Date of Award

2-2016

Degree Type

Dissertation

Degree Name

Doctor of Philosophy (PhD)

Department

Statistics

First Advisor

Hyonho Chun

Second Advisor

Olga Vitek

Committee Chair

Hyonho Chun

Committee Co-Chair

Olga Vitek

Committee Member 1

Bruce A. Chun

Committee Member 2

Yu Michael Zhu

Abstract

Quantitative mass spectrometry (MS)-based proteomics is an indispensable technology for biological and clinical research. As the proteomics field grows, MS-based proteomic workflows are becoming more complex and diverse. The accuracy and the throughput of the MS measurements and of the signal processing tools dramatically increased. However, many existing statistical tools and workflows have not followed the technological development. Therefore, there is a need for flexible statistical tools, which reflect diverse and complex workflows, are computationally efficient for large datasets, and maximize the reproducibility of the results.

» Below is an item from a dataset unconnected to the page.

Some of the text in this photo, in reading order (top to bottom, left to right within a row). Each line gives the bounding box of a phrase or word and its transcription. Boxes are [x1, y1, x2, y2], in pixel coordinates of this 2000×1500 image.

We propose a family of linear mixed effects models, and a split-plot view of the experimental design, that represent measurements from quantitative mass spectrometry-based proteomics. The whole plot part of the design reflects the structure of the biological variation of the experiment, such as case-control design, paired design, or time-course design. The subplot part of the design reflects the structure of the technological variation, such as fragmentation patterns, labeling strategy, and presence of multiple peptides per protein. We propose an estimation procedure that separately estimates the parameters of the subplot and the whole plot parts of the design, to maximize the flexibility of the model, increase the speed of the analysis, and facilitate the interpretation.

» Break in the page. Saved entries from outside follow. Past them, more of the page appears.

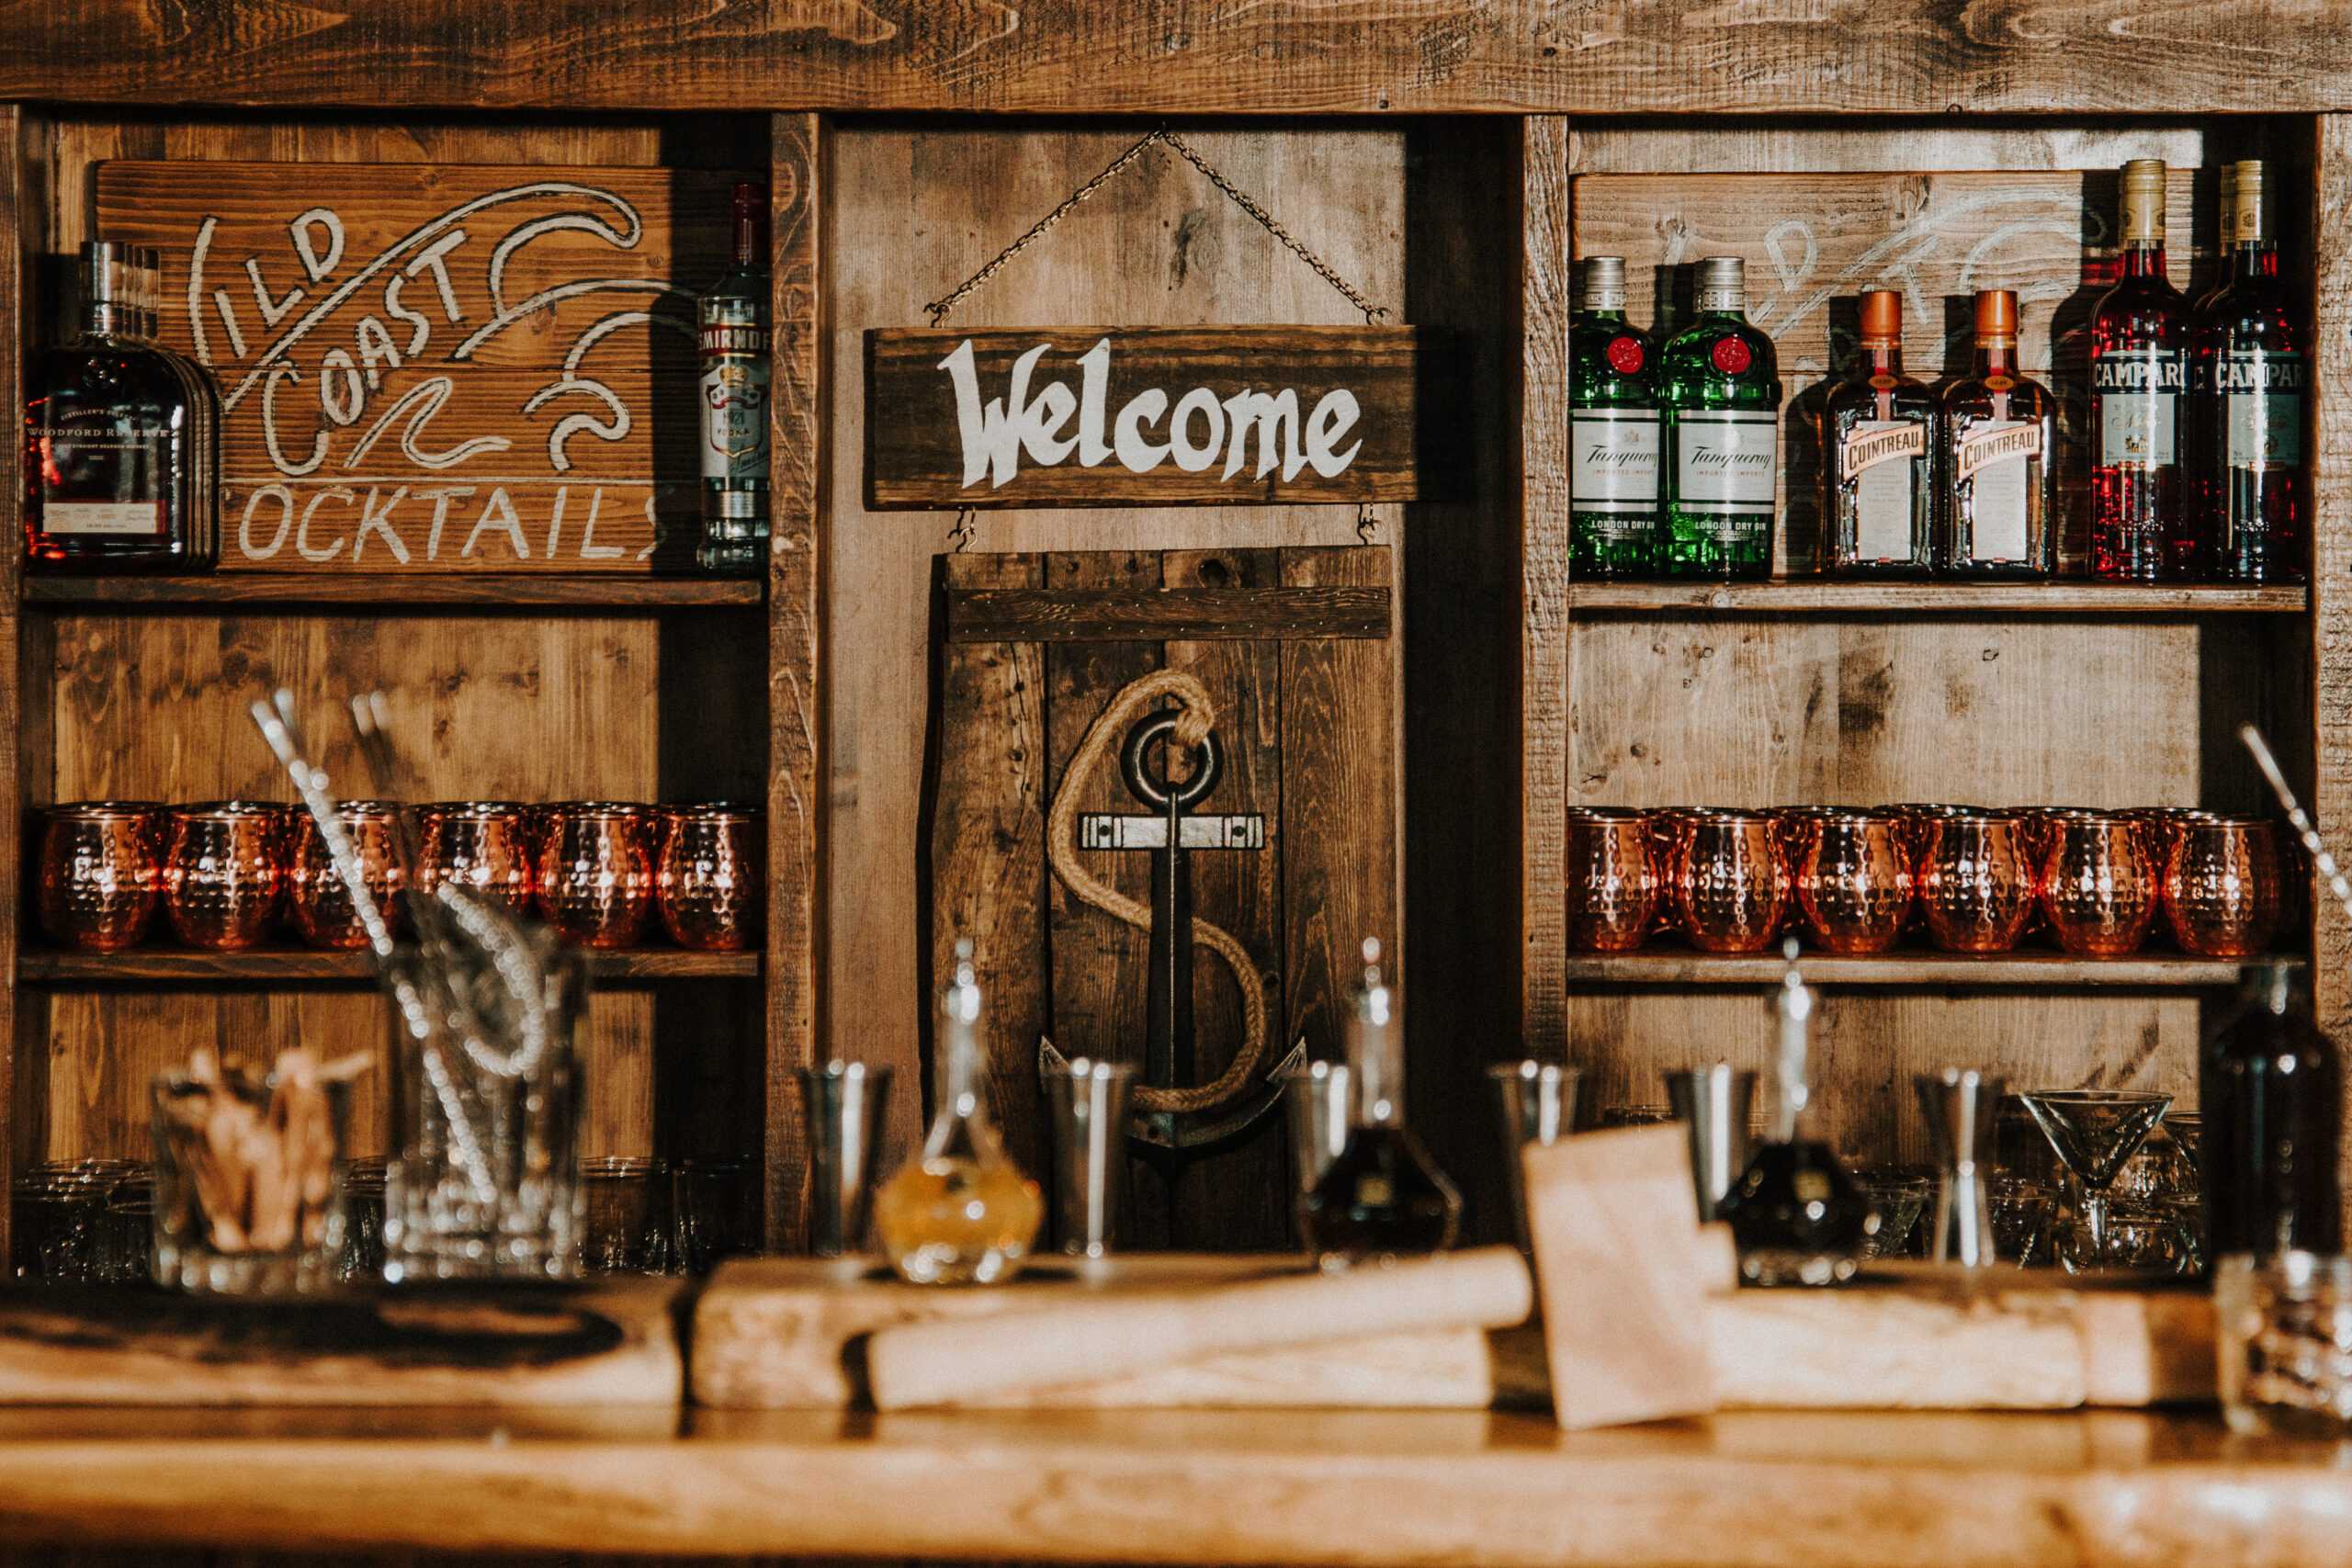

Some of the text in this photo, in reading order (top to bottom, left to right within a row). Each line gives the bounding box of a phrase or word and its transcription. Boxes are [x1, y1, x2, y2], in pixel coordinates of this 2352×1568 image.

[263, 230, 469, 475] COAST
[2095, 362, 2185, 387] CAMPARI
[937, 337, 1363, 491] Welcome
[27, 427, 101, 438] WOODFORD
[1690, 446, 1771, 469] Tanqueray
[1848, 430, 1919, 471] COINTREAU
[1963, 430, 2035, 471] COINTREAU
[226, 484, 676, 565] OCKTAILS
[1590, 519, 1629, 530] LONDON
[1631, 520, 1645, 530] DRY
[1695, 521, 1767, 531] LONDON DRY GIN

The proposed modeling framework was validated using 9 controlled mixtures and 10 experimental datasets from targeted Selected Reaction Monitoring (SRM), Data-Dependent Acquisition (DDA or shotgun), and Data-Independent Acquisition (DIA or SWATH-MS), where signals were extracted with multiple signal processing tools. We implemented the proposed method in the software package MSstats, which checks the correctness of the user input, recognizes arbitrary complex experimental design, visualizes the data and performs statistical modeling and inference. It is interoperable with other existing computational tools such as Skyline.